*Dataset entries:*
┌──

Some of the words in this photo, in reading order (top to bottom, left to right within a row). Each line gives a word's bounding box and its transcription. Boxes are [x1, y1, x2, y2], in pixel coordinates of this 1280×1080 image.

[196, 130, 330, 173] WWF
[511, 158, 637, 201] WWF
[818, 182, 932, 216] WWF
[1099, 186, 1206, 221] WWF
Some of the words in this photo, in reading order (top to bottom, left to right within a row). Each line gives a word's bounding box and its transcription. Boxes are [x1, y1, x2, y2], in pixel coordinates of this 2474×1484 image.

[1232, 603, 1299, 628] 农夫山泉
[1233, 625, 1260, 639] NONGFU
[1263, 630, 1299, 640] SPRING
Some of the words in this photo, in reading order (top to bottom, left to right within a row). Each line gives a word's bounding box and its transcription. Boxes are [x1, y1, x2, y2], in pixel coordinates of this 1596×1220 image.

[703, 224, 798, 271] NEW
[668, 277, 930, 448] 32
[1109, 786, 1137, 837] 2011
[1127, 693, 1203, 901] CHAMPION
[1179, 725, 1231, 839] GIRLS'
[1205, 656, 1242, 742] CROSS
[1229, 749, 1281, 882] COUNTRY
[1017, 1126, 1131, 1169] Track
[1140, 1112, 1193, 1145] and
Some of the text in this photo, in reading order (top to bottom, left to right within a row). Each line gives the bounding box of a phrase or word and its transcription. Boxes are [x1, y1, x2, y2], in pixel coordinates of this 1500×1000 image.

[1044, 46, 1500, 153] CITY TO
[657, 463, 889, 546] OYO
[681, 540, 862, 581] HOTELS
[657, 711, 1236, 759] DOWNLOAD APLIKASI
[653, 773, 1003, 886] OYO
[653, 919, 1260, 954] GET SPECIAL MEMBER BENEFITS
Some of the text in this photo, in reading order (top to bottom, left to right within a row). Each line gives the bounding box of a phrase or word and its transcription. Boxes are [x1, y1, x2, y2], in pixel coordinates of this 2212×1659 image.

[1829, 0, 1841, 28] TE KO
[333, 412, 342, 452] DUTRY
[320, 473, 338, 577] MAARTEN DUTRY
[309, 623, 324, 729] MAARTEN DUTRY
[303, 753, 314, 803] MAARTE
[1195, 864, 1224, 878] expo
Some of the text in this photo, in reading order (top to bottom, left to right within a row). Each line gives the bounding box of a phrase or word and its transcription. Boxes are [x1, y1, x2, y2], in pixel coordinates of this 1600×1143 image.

└──

*WORK REQUEST:*
Quote all the records. Keep every word exact.

*EXERCISE RESPONSE:*
Some of the words in this photo, in reading order (top to bottom, left to right within a row). Each line gives a word's bounding box and its transcription. Boxes are [x1, y1, x2, y2], in pixel coordinates of this 1280×1080 image.

[196, 130, 330, 173] WWF
[511, 158, 637, 201] WWF
[818, 182, 932, 216] WWF
[1099, 186, 1206, 221] WWF
Some of the words in this photo, in reading order (top to bottom, left to right within a row). Each line gives a word's bounding box and its transcription. Boxes are [x1, y1, x2, y2], in pixel coordinates of this 2474×1484 image.

[1232, 603, 1299, 628] 农夫山泉
[1233, 625, 1260, 639] NONGFU
[1263, 630, 1299, 640] SPRING
Some of the words in this photo, in reading order (top to bottom, left to right within a row). Each line gives a word's bounding box and its transcription. Boxes are [x1, y1, x2, y2], in pixel coordinates of this 1596×1220 image.

[703, 224, 798, 271] NEW
[668, 277, 930, 448] 32
[1109, 786, 1137, 837] 2011
[1127, 693, 1203, 901] CHAMPION
[1179, 725, 1231, 839] GIRLS'
[1205, 656, 1242, 742] CROSS
[1229, 749, 1281, 882] COUNTRY
[1017, 1126, 1131, 1169] Track
[1140, 1112, 1193, 1145] and
Some of the text in this photo, in reading order (top to bottom, left to right within a row). Each line gives the bounding box of a phrase or word and its transcription. Boxes are [x1, y1, x2, y2], in pixel coordinates of this 1500×1000 image.

[1044, 46, 1500, 153] CITY TO
[657, 463, 889, 546] OYO
[681, 540, 862, 581] HOTELS
[657, 711, 1236, 759] DOWNLOAD APLIKASI
[653, 773, 1003, 886] OYO
[653, 919, 1260, 954] GET SPECIAL MEMBER BENEFITS
Some of the text in this photo, in reading order (top to bottom, left to right within a row). Each line gives the bounding box of a phrase or word and its transcription. Boxes are [x1, y1, x2, y2], in pixel coordinates of this 2212×1659 image.

[1829, 0, 1841, 28] TE KO
[333, 412, 342, 452] DUTRY
[320, 473, 338, 577] MAARTEN DUTRY
[309, 623, 324, 729] MAARTEN DUTRY
[303, 753, 314, 803] MAARTE
[1195, 864, 1224, 878] expo
Some of the text in this photo, in reading order (top to bottom, left to right within a row). Each line gives the bounding box of a phrase or word and its transcription. Boxes are [x1, y1, x2, y2], in pixel coordinates of this 1600×1143 image.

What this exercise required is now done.